**Exercise description**
Reproduce the full listing below exactly. Do not include the pictures.

**Excerpted records**

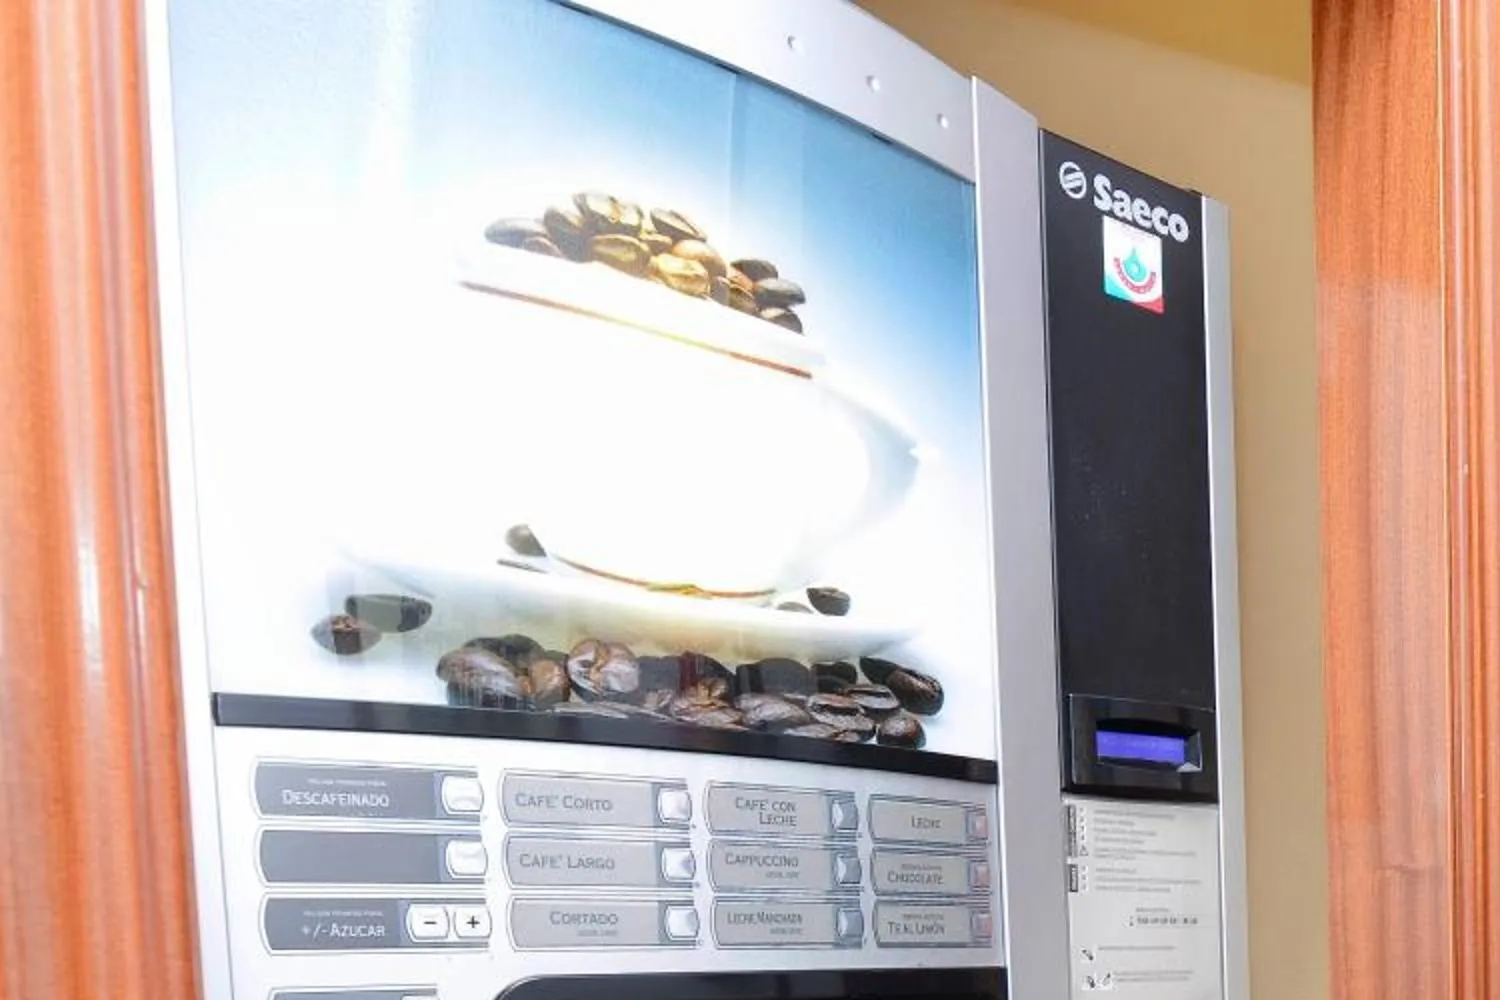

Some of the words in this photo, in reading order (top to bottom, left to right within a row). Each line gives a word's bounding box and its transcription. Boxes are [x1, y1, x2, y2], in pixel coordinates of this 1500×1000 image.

[1093, 173, 1189, 242] Saeco
[282, 789, 390, 807] DESCAFEINADO
[563, 796, 613, 811] CORTO
[759, 812, 797, 827] LECHE
[567, 855, 616, 870] LARGO
[725, 853, 799, 868] CAPPUCCINO
[550, 911, 618, 926] CORTADO
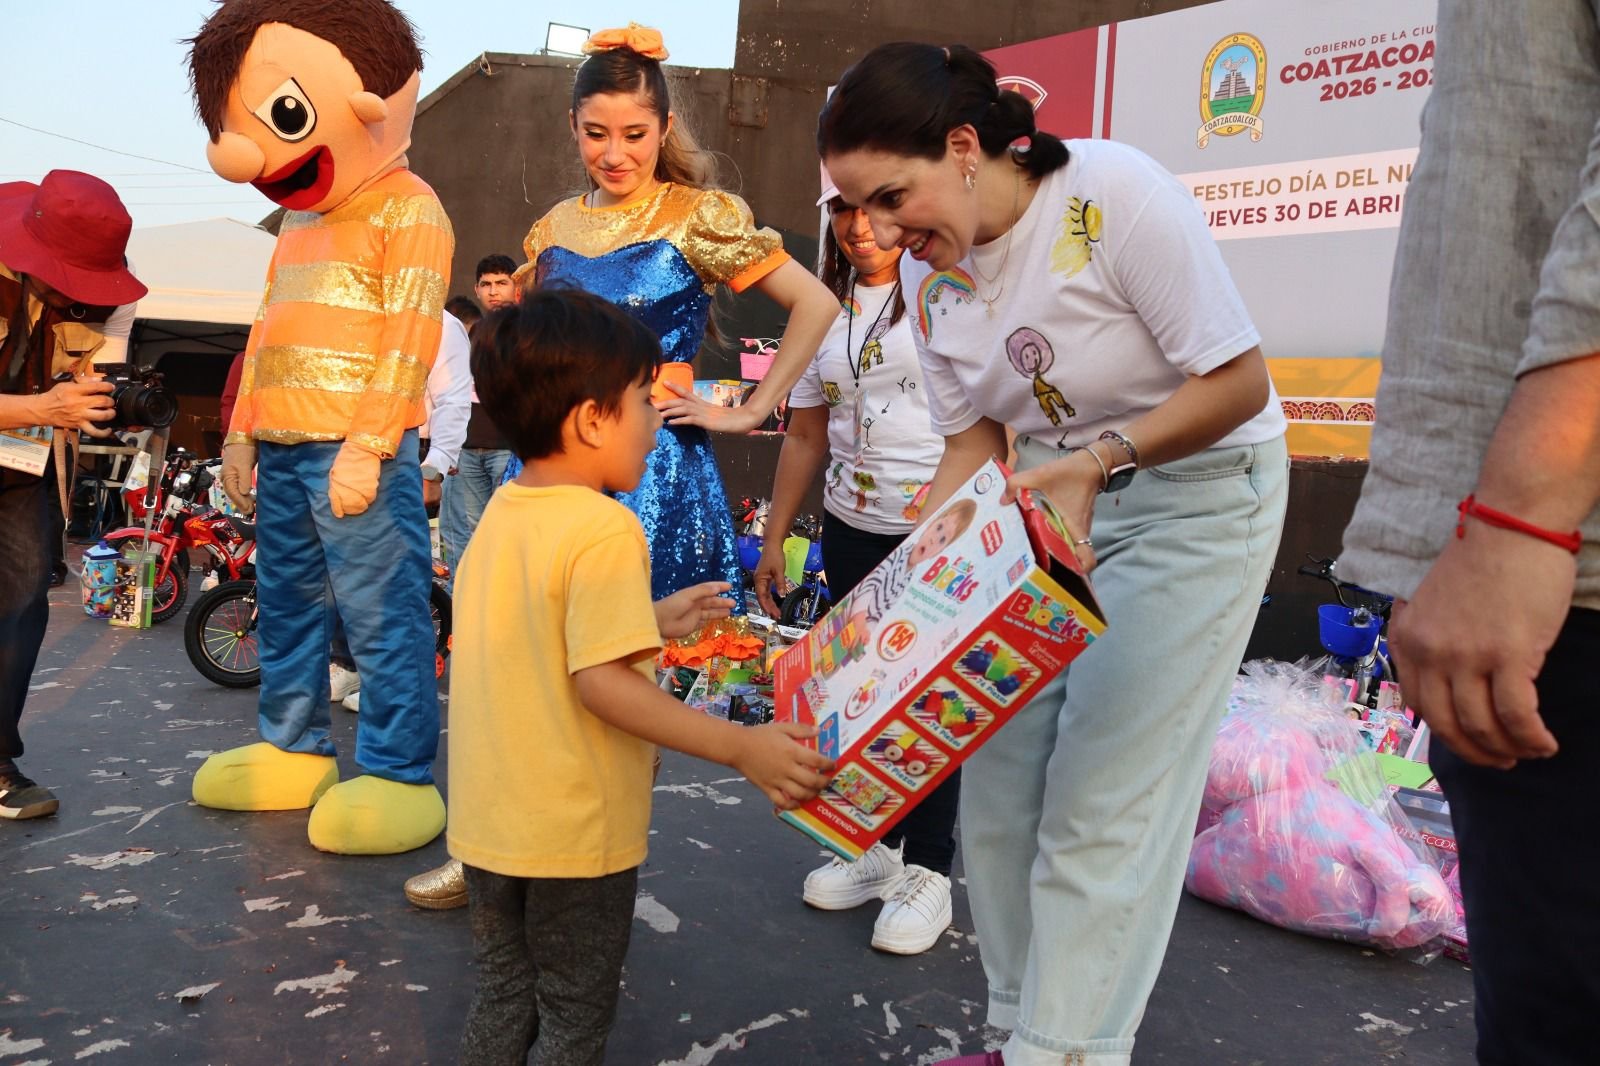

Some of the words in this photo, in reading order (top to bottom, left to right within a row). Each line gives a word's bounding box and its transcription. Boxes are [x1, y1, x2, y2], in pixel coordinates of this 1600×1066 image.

[1305, 38, 1366, 56] GOBIERNO
[1371, 33, 1387, 45] DE
[1392, 30, 1407, 41] LA
[1412, 24, 1436, 37] CIU
[1279, 40, 1436, 84] COATZACOA
[1319, 76, 1377, 102] 2026
[1204, 115, 1257, 132] COATZACOALCOS
[1193, 178, 1282, 201] FESTEJO
[1289, 170, 1327, 193] DÍA
[1335, 168, 1379, 189] DEL
[1274, 203, 1300, 222] 30
[1308, 200, 1338, 220] DE
[1344, 194, 1400, 217] ABRI
[887, 625, 915, 653] 150
[816, 804, 858, 836] CONTENIDO
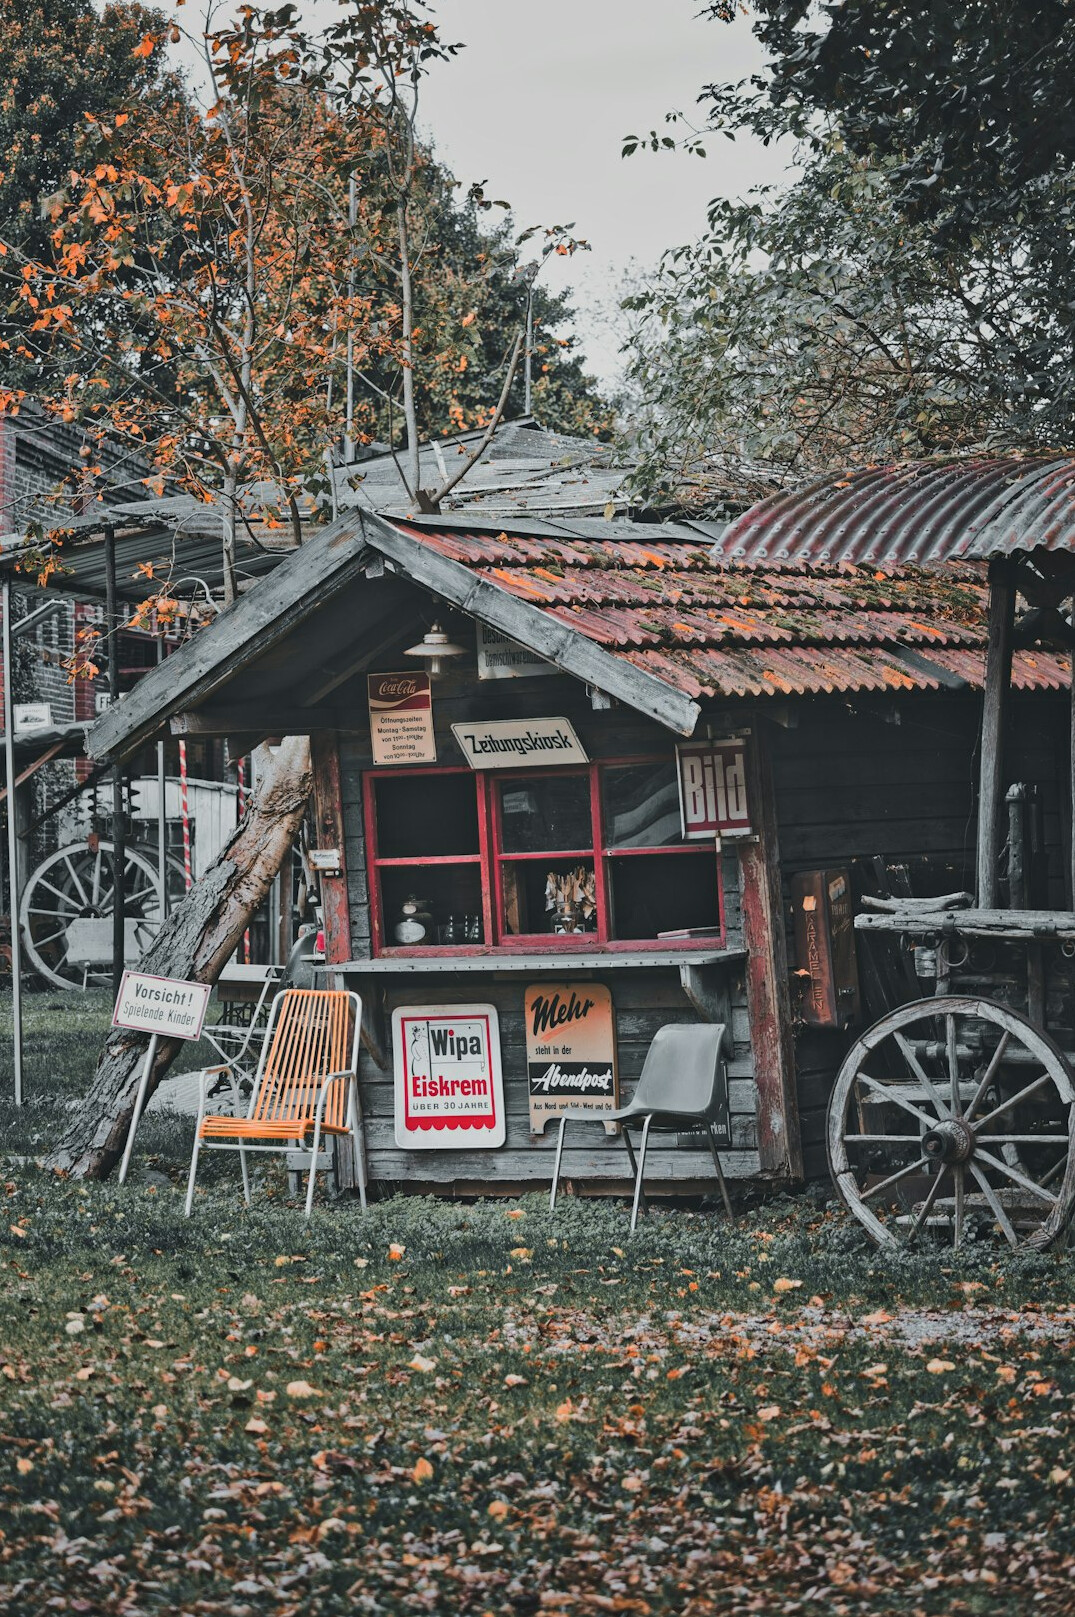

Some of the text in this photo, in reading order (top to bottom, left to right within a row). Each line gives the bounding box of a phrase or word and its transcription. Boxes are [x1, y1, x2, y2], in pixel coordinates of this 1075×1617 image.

[379, 680, 416, 696] Coca-Cola
[380, 715, 422, 724] Öffnungszeiten
[464, 730, 573, 754] Zeitungskiosk
[682, 753, 748, 823] Bild
[135, 982, 193, 1007] Vorsicht!
[123, 1001, 196, 1026] Spielende Kinder
[531, 992, 595, 1037] Mehr
[431, 1029, 482, 1061] Wipa
[535, 1044, 572, 1055] steht in der
[412, 1075, 488, 1097] Eiskrem
[531, 1063, 613, 1093] Abendpost
[413, 1101, 489, 1111] ÜBER 30 JAHRE
[534, 1102, 542, 1110] Aus
[544, 1102, 556, 1110] Nord
[559, 1102, 569, 1110] und
[595, 1102, 604, 1110] und
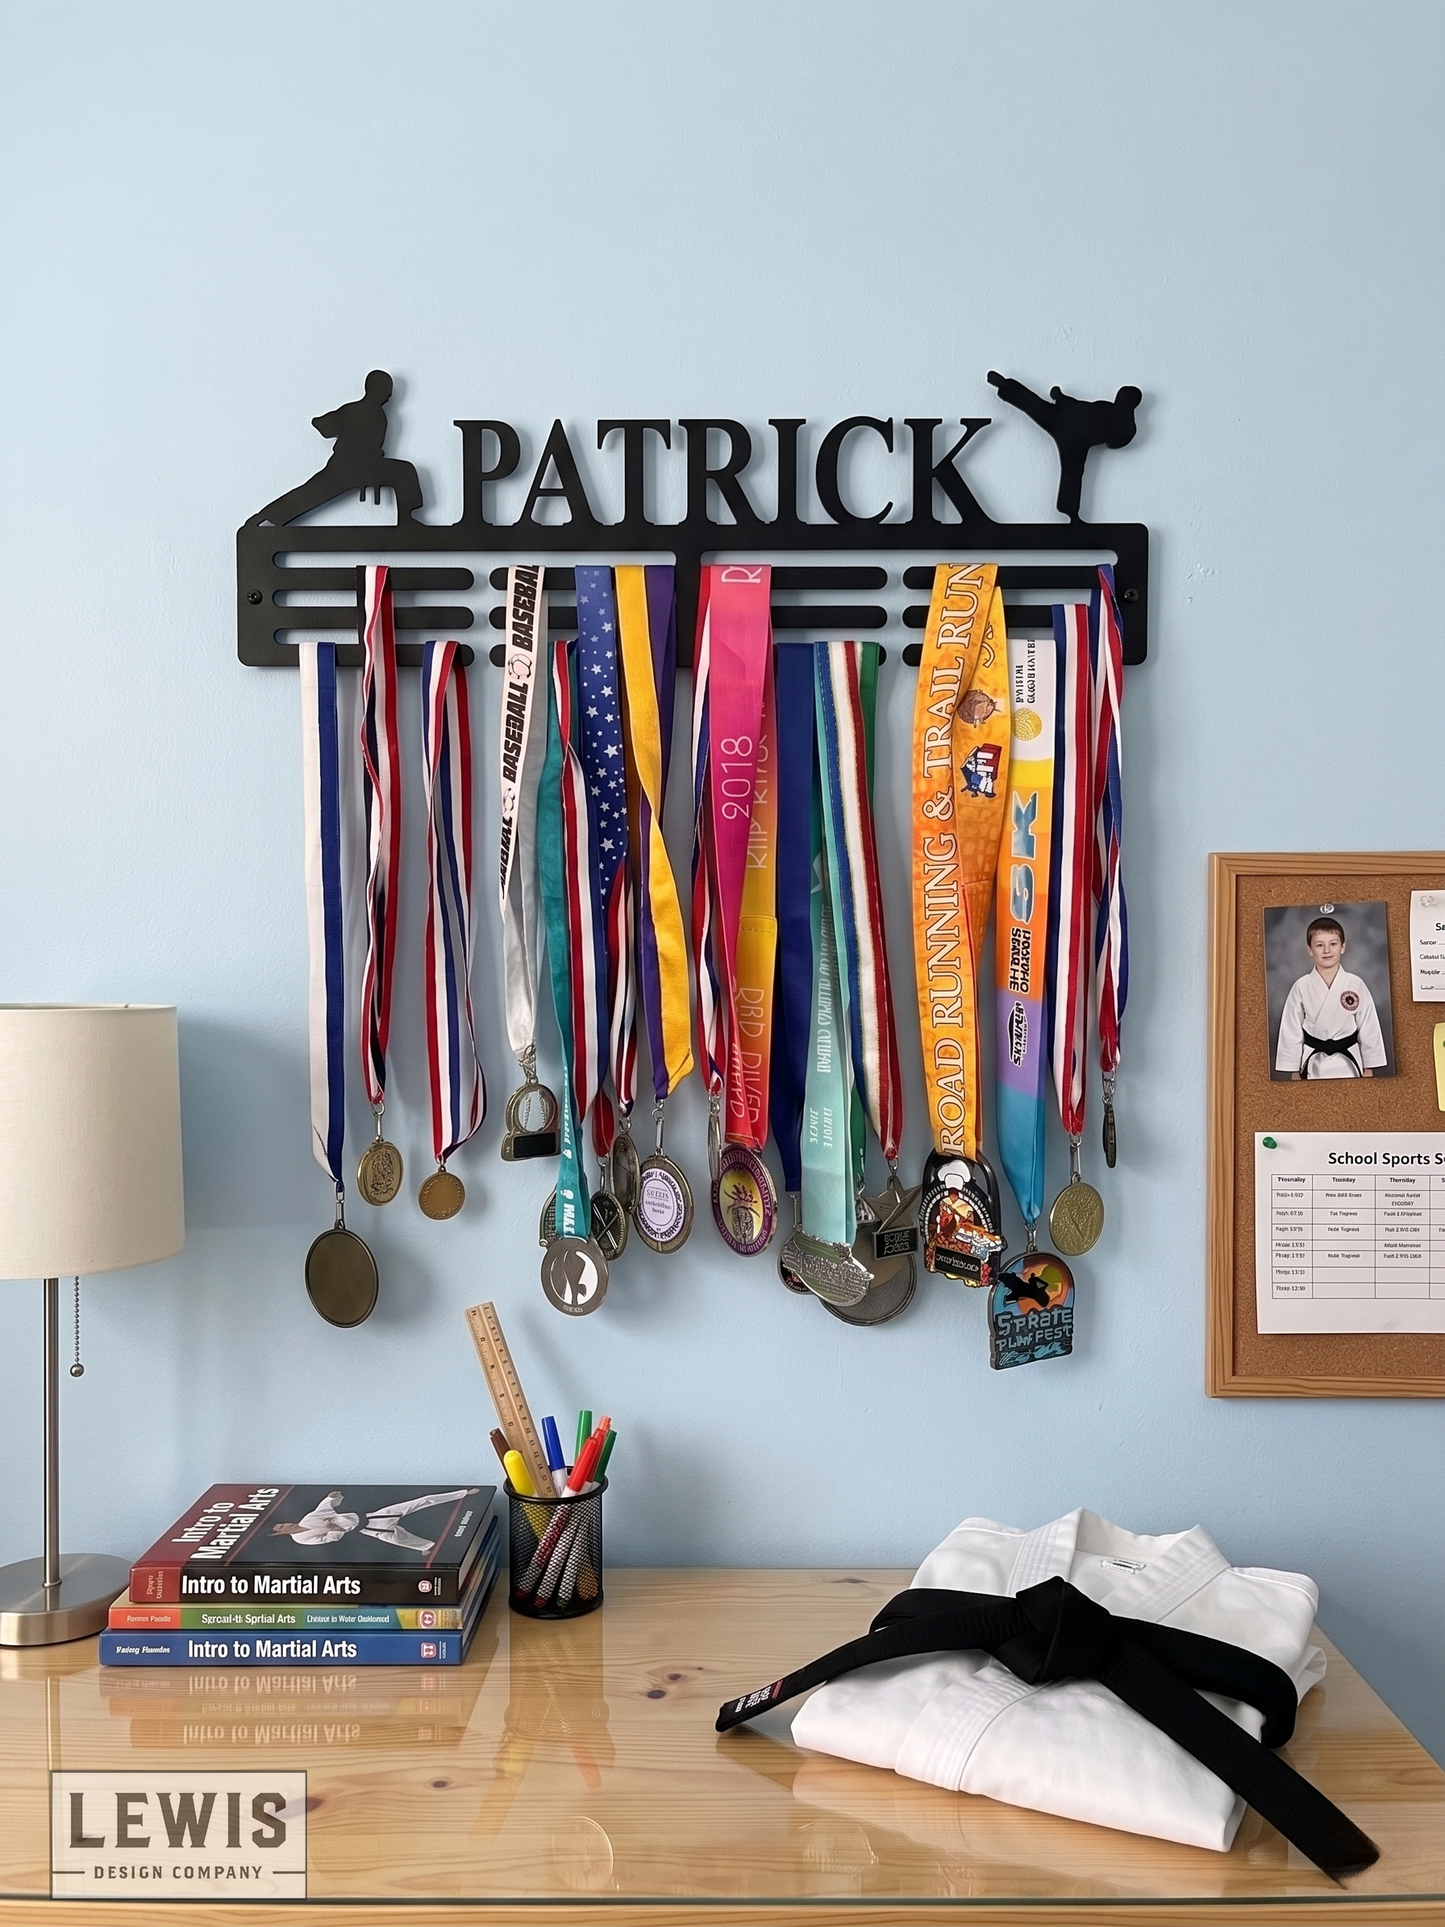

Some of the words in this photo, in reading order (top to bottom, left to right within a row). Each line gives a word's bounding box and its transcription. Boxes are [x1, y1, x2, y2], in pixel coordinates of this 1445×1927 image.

[452, 415, 992, 526] PATRICK
[922, 657, 965, 778] TRAIL
[720, 735, 753, 820] 2018
[921, 786, 954, 822] &
[923, 832, 963, 1028] RUNNING
[934, 1038, 966, 1155] ROAD
[1328, 1151, 1377, 1165] School
[1382, 1152, 1430, 1168] Sports
[171, 1515, 223, 1543] Intro
[203, 1502, 236, 1514] to
[189, 1512, 260, 1559] Martial
[238, 1487, 280, 1511] Arts
[182, 1574, 226, 1595] Intro
[230, 1576, 249, 1595] to
[253, 1574, 319, 1595] Martial
[323, 1575, 362, 1595] Arts
[277, 1613, 296, 1624] Arts
[188, 1640, 228, 1658] Intro
[233, 1641, 250, 1658] to
[255, 1639, 317, 1658] Martial
[321, 1640, 357, 1658] Arts

**Answer to this task**
Some of the words in this photo, in reading order (top to bottom, left to right within a row). Each line gives a word's bounding box and its transcription. Boxes are [x1, y1, x2, y2], in pixel coordinates of this 1500×1000 image.

[1093, 173, 1189, 242] Saeco
[282, 789, 390, 807] DESCAFEINADO
[563, 796, 613, 811] CORTO
[759, 812, 797, 827] LECHE
[567, 855, 616, 870] LARGO
[725, 853, 799, 868] CAPPUCCINO
[550, 911, 618, 926] CORTADO

Some of the words in this photo, in reading order (top to bottom, left to right within a row). Each line gives a word's bounding box and its transcription. Boxes are [x1, y1, x2, y2], in pixel coordinates of this 1600×1066 image.

[1305, 38, 1366, 56] GOBIERNO
[1371, 33, 1387, 45] DE
[1392, 30, 1407, 41] LA
[1412, 24, 1436, 37] CIU
[1279, 40, 1436, 84] COATZACOA
[1319, 76, 1377, 102] 2026
[1204, 115, 1257, 132] COATZACOALCOS
[1193, 178, 1282, 201] FESTEJO
[1289, 170, 1327, 193] DÍA
[1335, 168, 1379, 189] DEL
[1274, 203, 1300, 222] 30
[1308, 200, 1338, 220] DE
[1344, 194, 1400, 217] ABRI
[887, 625, 915, 653] 150
[816, 804, 858, 836] CONTENIDO

Some of the text in this photo, in reading order (top to bottom, left to right within a row). Each line gives the bounding box of a phrase or word and its transcription. Boxes are [x1, y1, x2, y2], in pixel coordinates of this 1075×1617 image.

[379, 680, 416, 696] Coca-Cola
[380, 715, 422, 724] Öffnungszeiten
[464, 730, 573, 754] Zeitungskiosk
[682, 753, 748, 823] Bild
[135, 982, 193, 1007] Vorsicht!
[123, 1001, 196, 1026] Spielende Kinder
[531, 992, 595, 1037] Mehr
[431, 1029, 482, 1061] Wipa
[535, 1044, 572, 1055] steht in der
[412, 1075, 488, 1097] Eiskrem
[531, 1063, 613, 1093] Abendpost
[413, 1101, 489, 1111] ÜBER 30 JAHRE
[534, 1102, 542, 1110] Aus
[544, 1102, 556, 1110] Nord
[559, 1102, 569, 1110] und
[595, 1102, 604, 1110] und

Some of the words in this photo, in reading order (top to bottom, left to right within a row). Each line gives a word's bounding box and its transcription. Boxes are [x1, y1, x2, y2], in pixel coordinates of this 1445×1927 image.

[452, 415, 992, 526] PATRICK
[922, 657, 965, 778] TRAIL
[720, 735, 753, 820] 2018
[921, 786, 954, 822] &
[923, 832, 963, 1028] RUNNING
[934, 1038, 966, 1155] ROAD
[1328, 1151, 1377, 1165] School
[1382, 1152, 1430, 1168] Sports
[171, 1515, 223, 1543] Intro
[203, 1502, 236, 1514] to
[189, 1512, 260, 1559] Martial
[238, 1487, 280, 1511] Arts
[182, 1574, 226, 1595] Intro
[230, 1576, 249, 1595] to
[253, 1574, 319, 1595] Martial
[323, 1575, 362, 1595] Arts
[277, 1613, 296, 1624] Arts
[188, 1640, 228, 1658] Intro
[233, 1641, 250, 1658] to
[255, 1639, 317, 1658] Martial
[321, 1640, 357, 1658] Arts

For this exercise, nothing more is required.